Her brow darkened. “Why would we get separated?”

“We won’t,” he said. “Stay close.”

Two corridors led off the main room, one to the left and
another straight ahead. Raith let Savannah choose. Left, she decided. The
hallways, austere hexagonal passages with smooth flooring and dead lightbeams
running their lengths, made Raith feel like he was home. Though there were
spots overgrown with moss and the occasional mold infestation, the structure
appeared intact, and he saw no apparent flaws in its craftsmanship.

Curious, he ignited and reached out to touch one of the
lightbeams.
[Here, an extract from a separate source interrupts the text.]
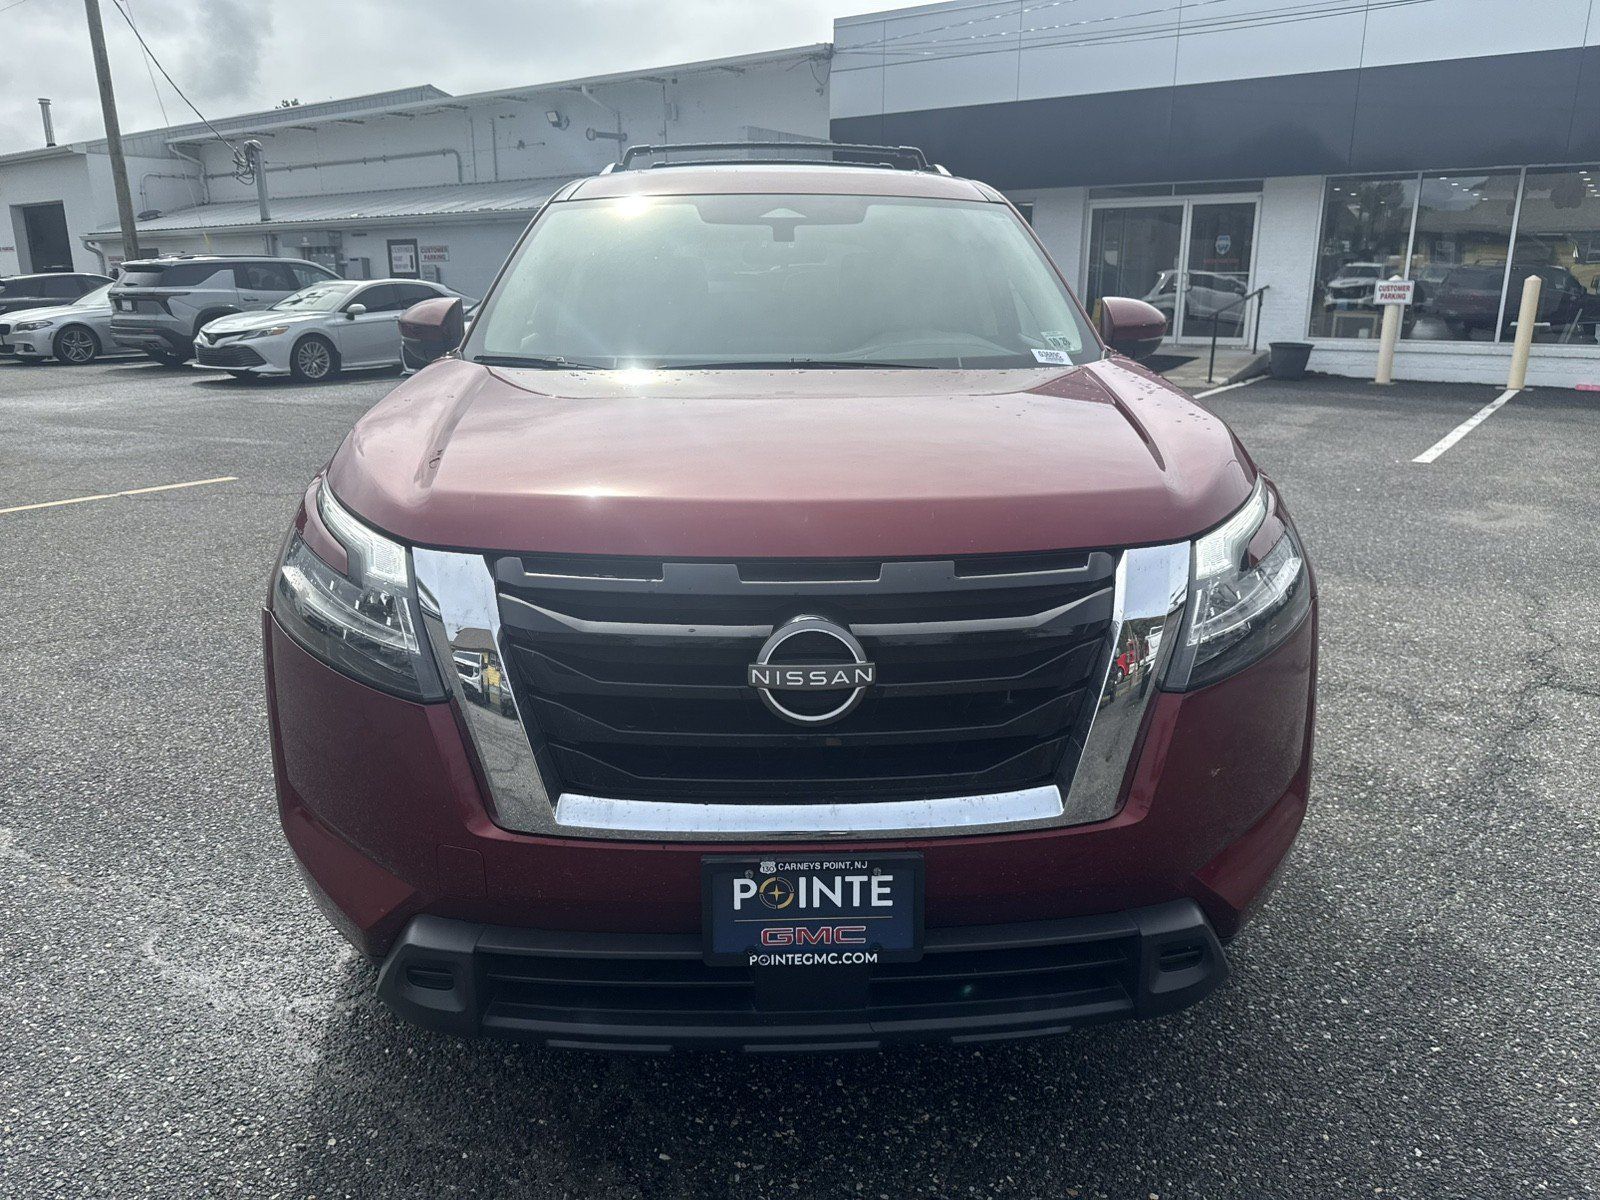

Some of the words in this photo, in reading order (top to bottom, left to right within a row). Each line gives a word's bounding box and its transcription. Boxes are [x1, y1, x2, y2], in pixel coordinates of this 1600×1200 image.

The device made a sputtering sound, then crackled to life, filling
the corridor with pale blue light.

“What’s that?” Savannah asked, shielding her eyes from the
sudden brightness. “How did you do that?”

“Back when this place had power, the main generator would’ve
fed these like any other light fixture,” he explained. “They hold a charge,
even without constant electricity. You can take them off the wall and carry
them around if you need a light. Ingenious devices.”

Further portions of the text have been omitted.